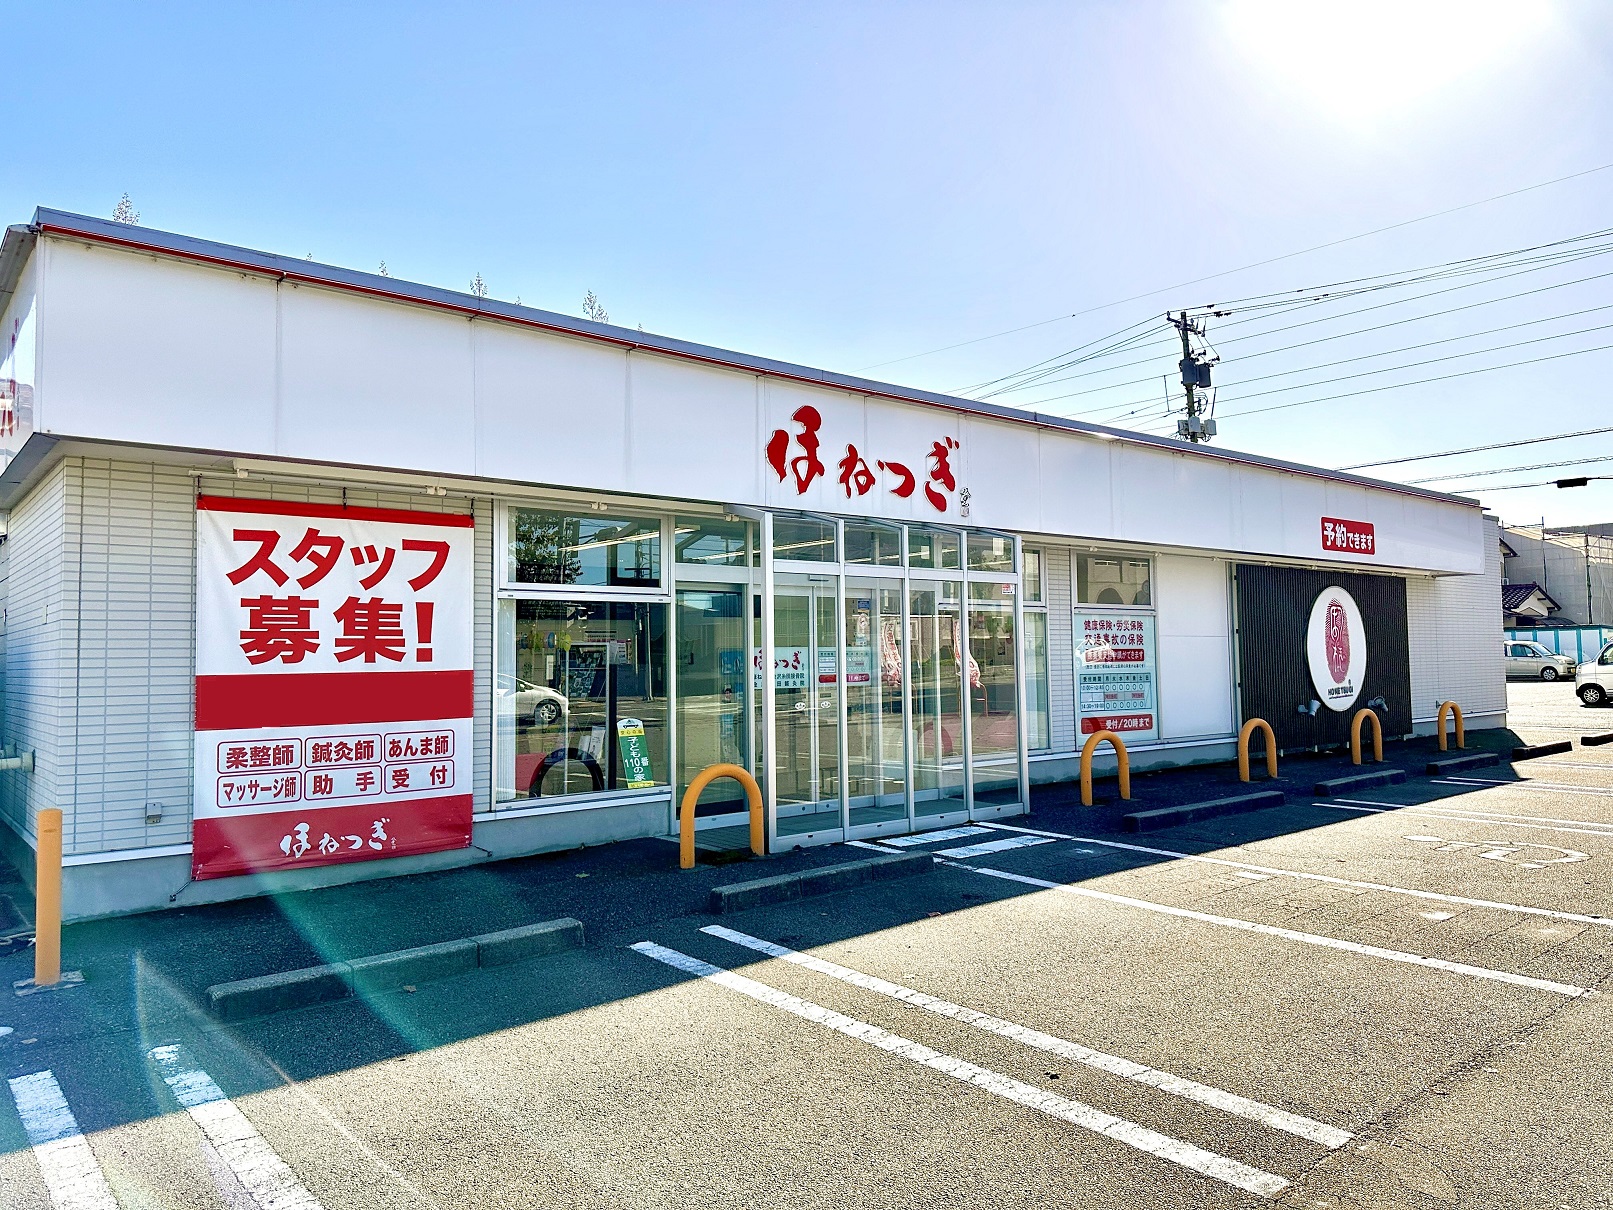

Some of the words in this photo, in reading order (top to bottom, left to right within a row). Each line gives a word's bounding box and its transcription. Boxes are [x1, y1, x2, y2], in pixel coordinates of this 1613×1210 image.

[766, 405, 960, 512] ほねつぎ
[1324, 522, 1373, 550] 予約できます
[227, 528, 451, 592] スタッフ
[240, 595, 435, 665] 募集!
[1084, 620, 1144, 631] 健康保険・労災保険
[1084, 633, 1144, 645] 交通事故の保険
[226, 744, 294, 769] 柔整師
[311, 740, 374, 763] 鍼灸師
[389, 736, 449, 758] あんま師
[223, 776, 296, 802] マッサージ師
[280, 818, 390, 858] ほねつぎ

══════════════════════════════

__EXERCISE__
In the copy, omit the pictures and give every line of the data exactly.

__ANSWER BOX__
Some of the words in this photo, in reading order (top to bottom, left to right within a row). Each line gives a word's bounding box and its transcription. Boxes are [x1, y1, x2, y2], in pixel coordinates of this 1613×1210 image.

[766, 405, 960, 512] ほねつぎ
[1324, 522, 1373, 550] 予約できます
[227, 528, 451, 592] スタッフ
[240, 595, 435, 665] 募集!
[1084, 620, 1144, 631] 健康保険・労災保険
[1084, 633, 1144, 645] 交通事故の保険
[226, 744, 294, 769] 柔整師
[311, 740, 374, 763] 鍼灸師
[389, 736, 449, 758] あんま師
[223, 776, 296, 802] マッサージ師
[280, 818, 390, 858] ほねつぎ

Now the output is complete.